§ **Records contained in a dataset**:
+ + + + + + +
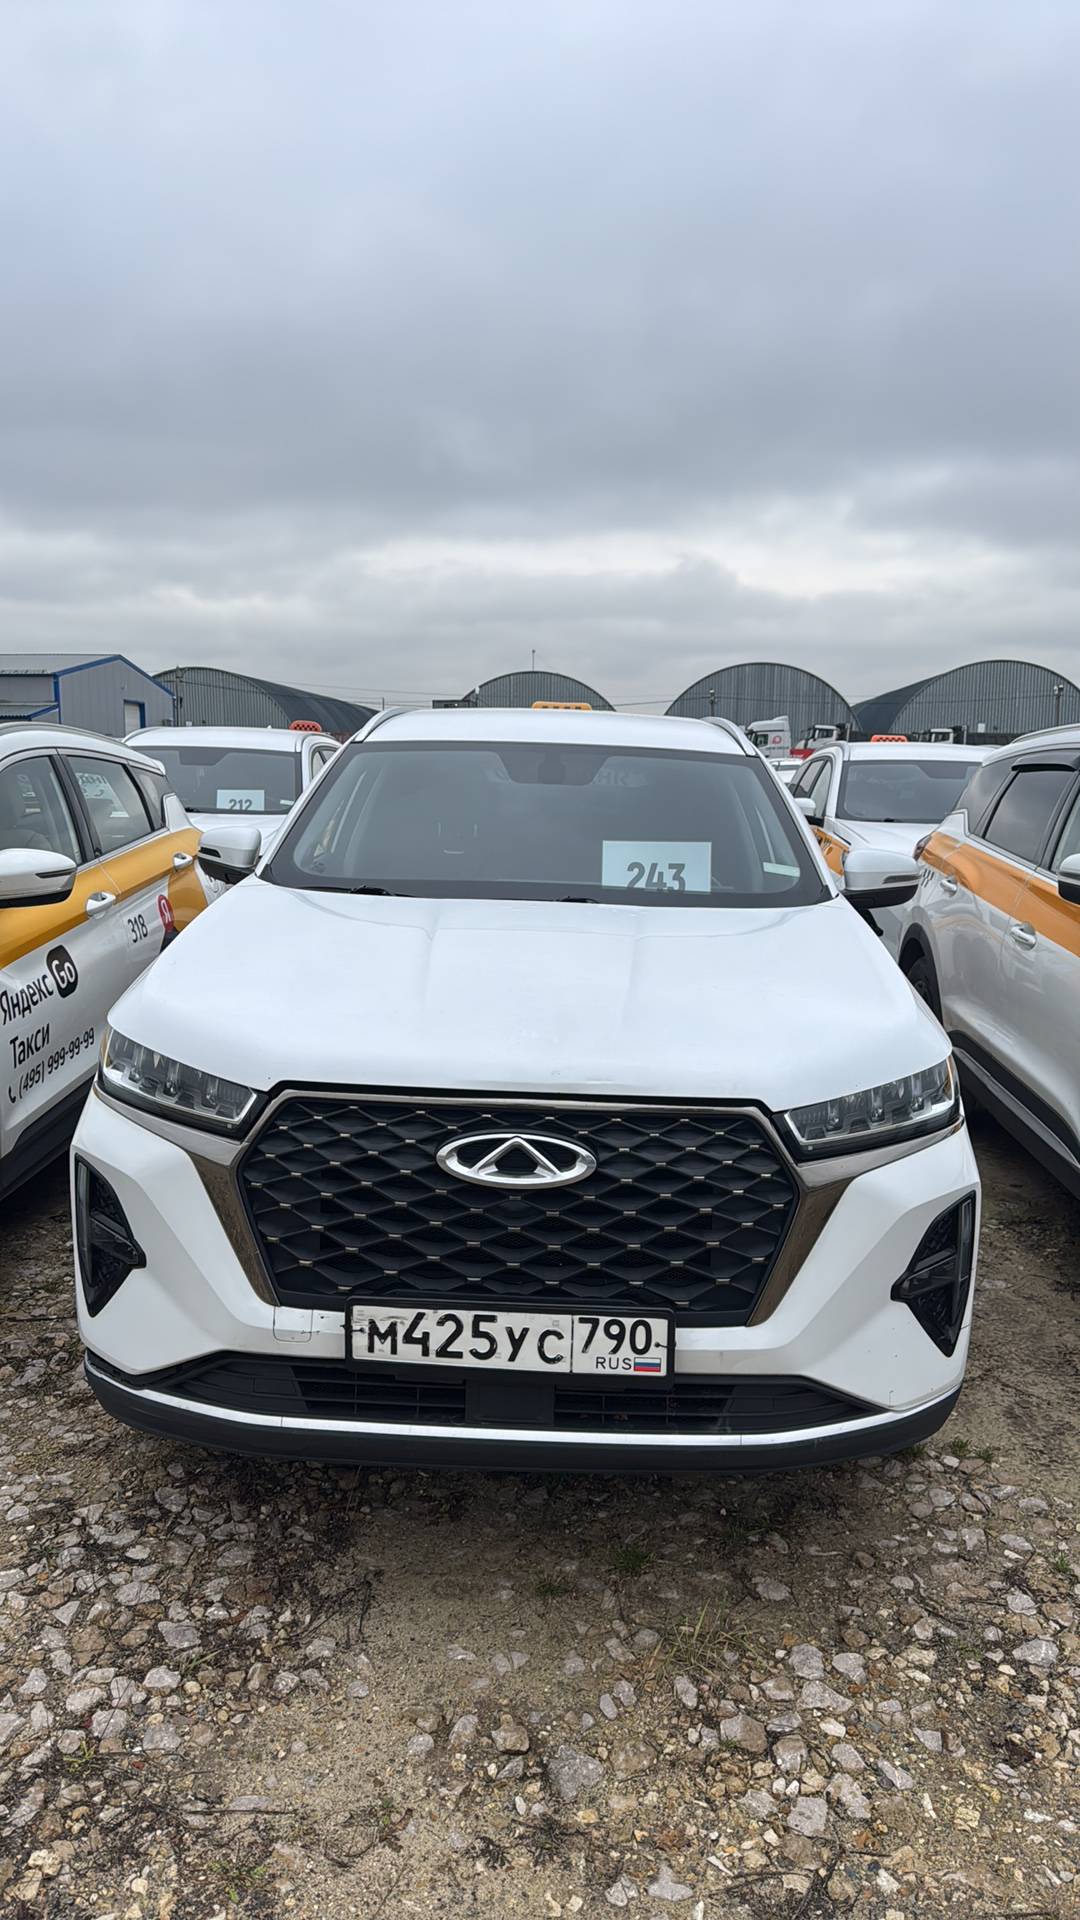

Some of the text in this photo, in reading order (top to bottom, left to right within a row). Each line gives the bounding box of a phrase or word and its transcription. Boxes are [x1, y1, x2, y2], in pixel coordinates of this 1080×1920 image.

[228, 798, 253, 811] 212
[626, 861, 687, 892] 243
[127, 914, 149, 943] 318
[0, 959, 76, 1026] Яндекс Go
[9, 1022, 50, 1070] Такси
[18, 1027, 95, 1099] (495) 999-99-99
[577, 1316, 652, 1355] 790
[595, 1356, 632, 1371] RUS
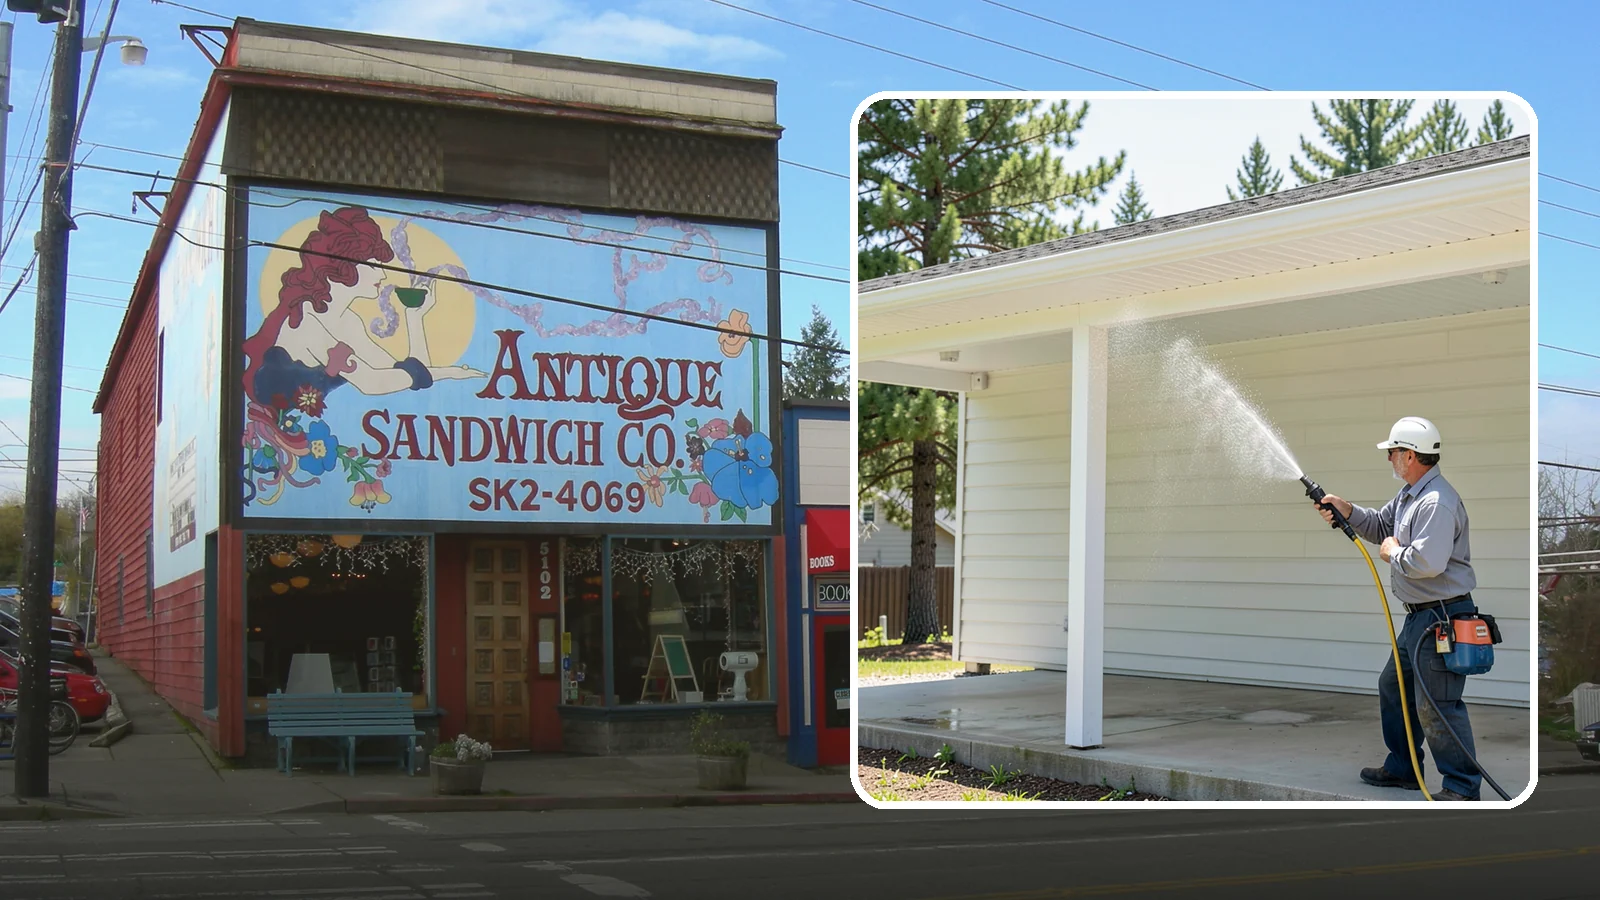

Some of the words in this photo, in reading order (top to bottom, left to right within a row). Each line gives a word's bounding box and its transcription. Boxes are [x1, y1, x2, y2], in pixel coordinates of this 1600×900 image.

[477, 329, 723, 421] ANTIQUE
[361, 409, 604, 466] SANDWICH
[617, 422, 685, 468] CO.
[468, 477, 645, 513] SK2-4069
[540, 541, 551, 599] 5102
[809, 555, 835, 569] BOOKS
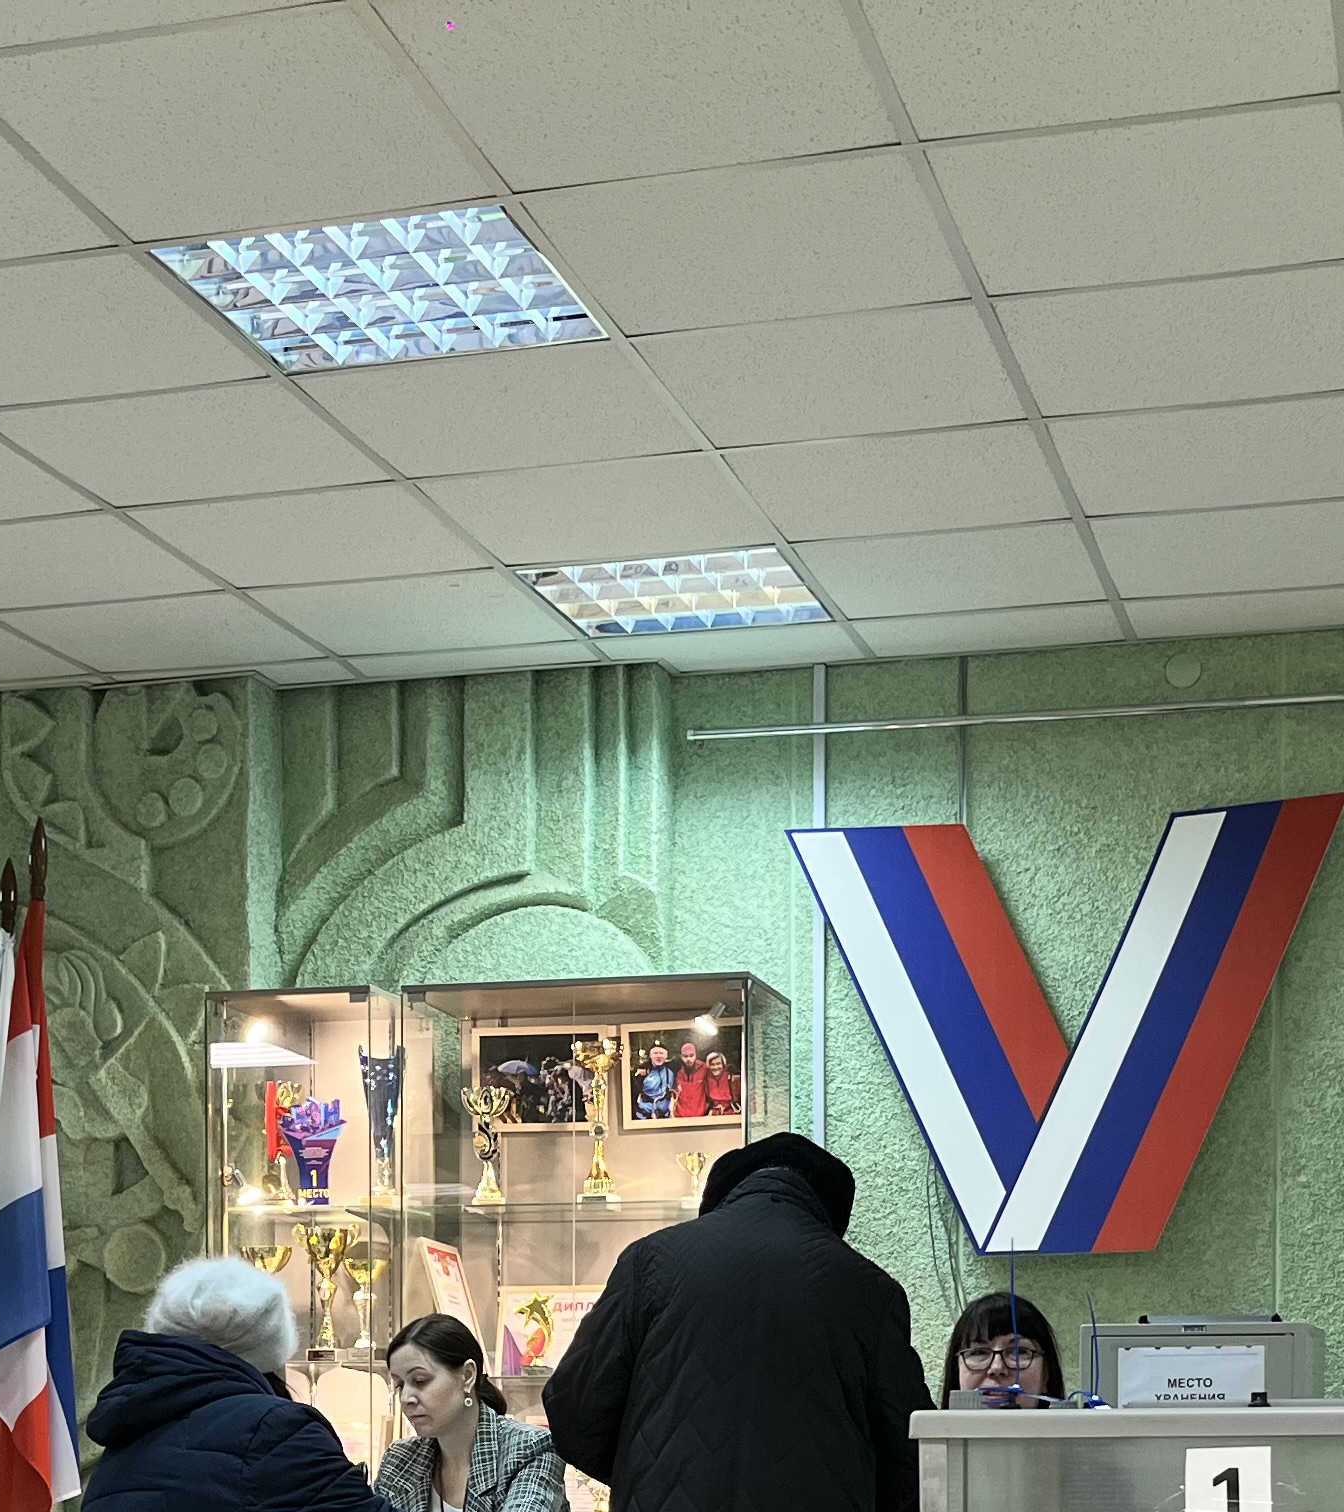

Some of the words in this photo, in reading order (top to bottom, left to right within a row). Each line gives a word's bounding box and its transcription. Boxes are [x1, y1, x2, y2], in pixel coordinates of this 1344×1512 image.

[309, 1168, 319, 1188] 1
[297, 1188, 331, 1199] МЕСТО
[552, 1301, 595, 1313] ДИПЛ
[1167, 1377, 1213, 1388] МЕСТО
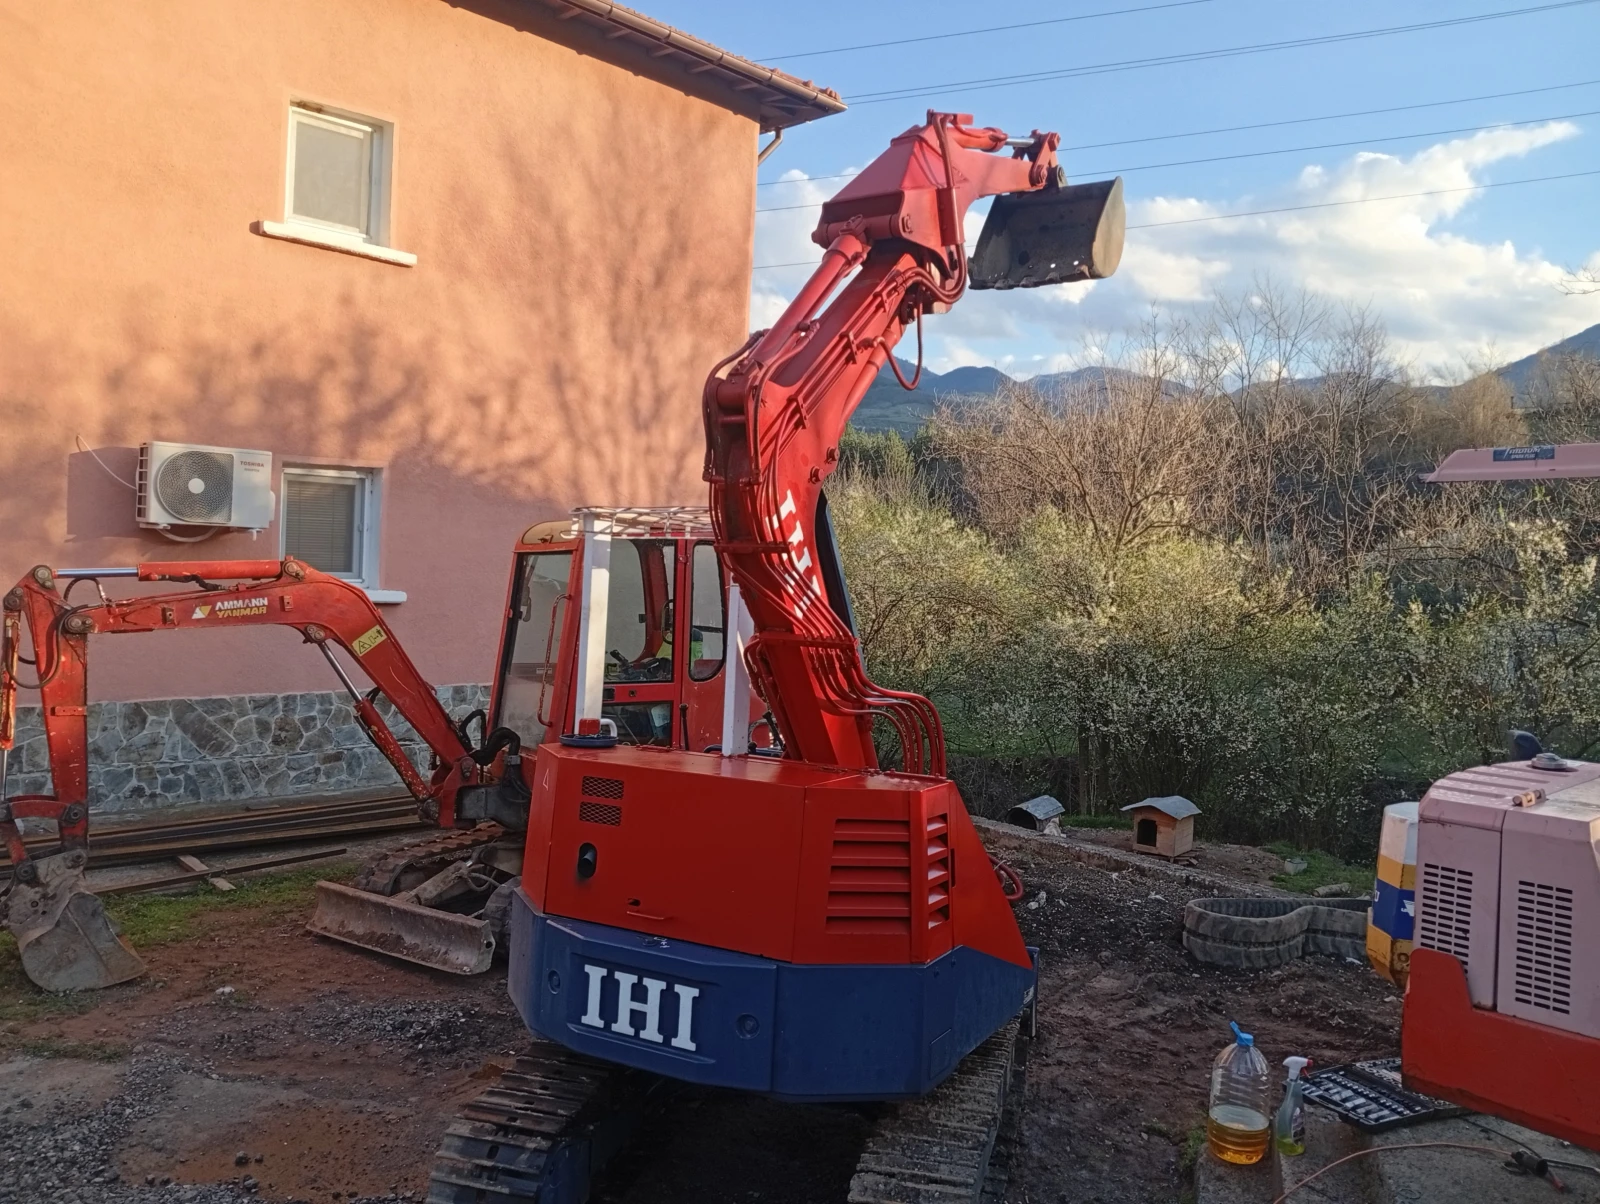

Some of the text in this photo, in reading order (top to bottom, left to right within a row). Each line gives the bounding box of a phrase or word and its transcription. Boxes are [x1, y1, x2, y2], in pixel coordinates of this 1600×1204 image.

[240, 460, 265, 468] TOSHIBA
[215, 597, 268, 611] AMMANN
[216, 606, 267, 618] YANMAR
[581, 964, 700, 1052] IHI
+ + + + + + +
§ **EXERCISE AIM**: Nothing but the exact lines of the data above, from the line containing "this 1600×1204 image." through the last, should appear in the answer.

§ **FINAL ANSWER**:
Some of the text in this photo, in reading order (top to bottom, left to right within a row). Each line gives the bounding box of a phrase or word and its transcription. Boxes are [x1, y1, x2, y2], in pixel coordinates of this 1600×1204 image.

[240, 460, 265, 468] TOSHIBA
[215, 597, 268, 611] AMMANN
[216, 606, 267, 618] YANMAR
[581, 964, 700, 1052] IHI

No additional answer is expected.